▸ Task item:
Give the listing again exactly, skipping any pictures it holds.

BEGIN Exercise input

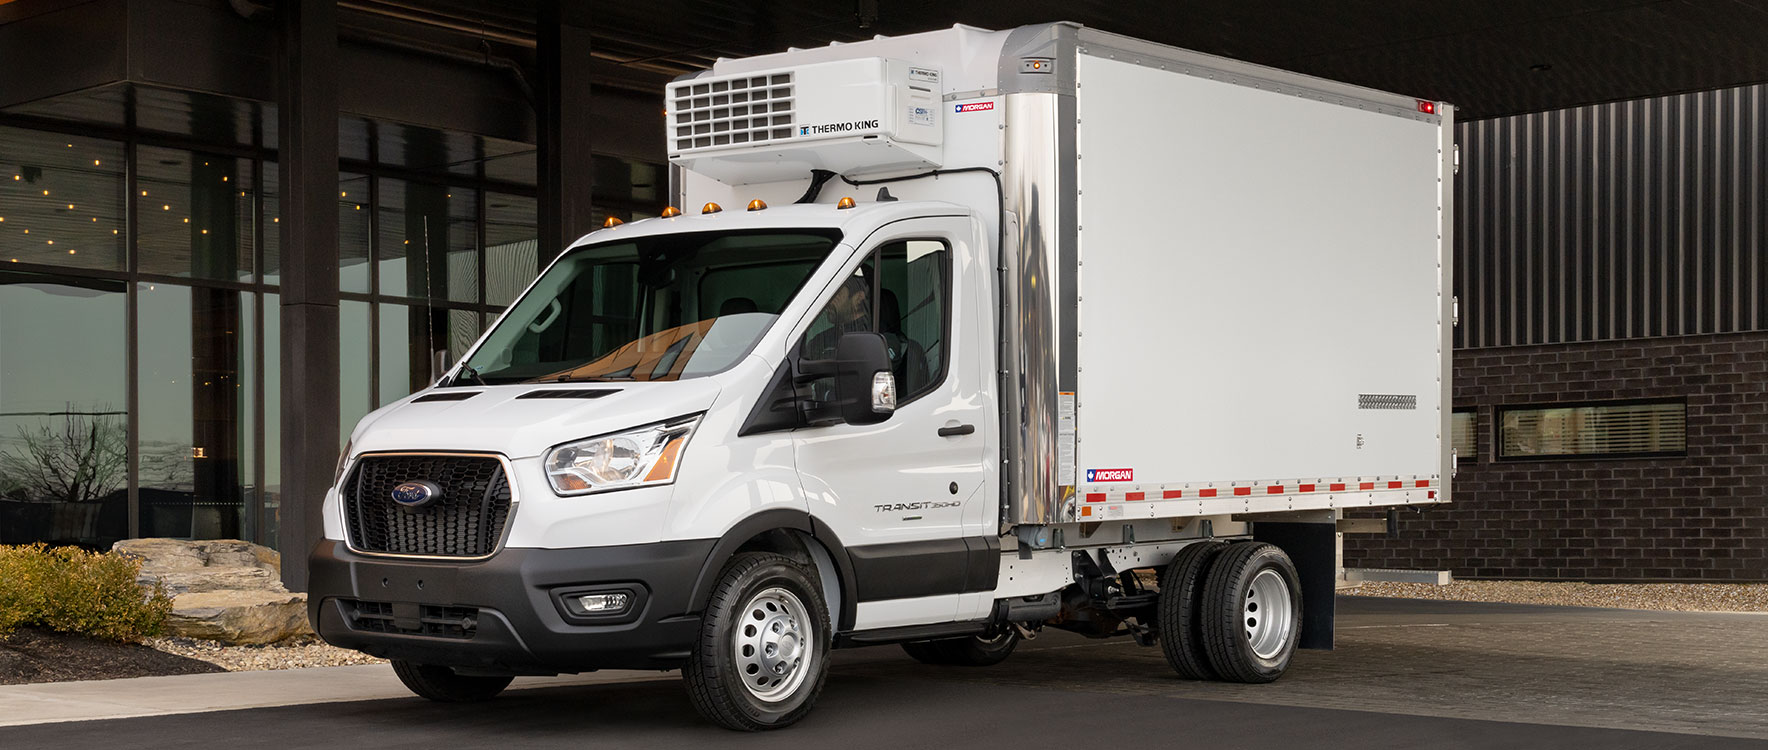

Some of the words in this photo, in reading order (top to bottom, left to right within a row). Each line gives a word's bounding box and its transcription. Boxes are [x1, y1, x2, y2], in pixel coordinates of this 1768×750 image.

[962, 103, 993, 112] MORGAN
[812, 122, 853, 134] THERMO
[854, 120, 879, 130] KING
[1095, 470, 1132, 481] MORGAN
[874, 501, 931, 512] TRANSIT

END Exercise input

▸ Answer to this task:
Some of the words in this photo, in reading order (top to bottom, left to right within a row). Each line gives a word's bounding box and its transcription. Boxes are [x1, y1, x2, y2], in pixel coordinates of this 1768×750 image.

[962, 103, 993, 112] MORGAN
[812, 122, 853, 134] THERMO
[854, 120, 879, 130] KING
[1095, 470, 1132, 481] MORGAN
[874, 501, 931, 512] TRANSIT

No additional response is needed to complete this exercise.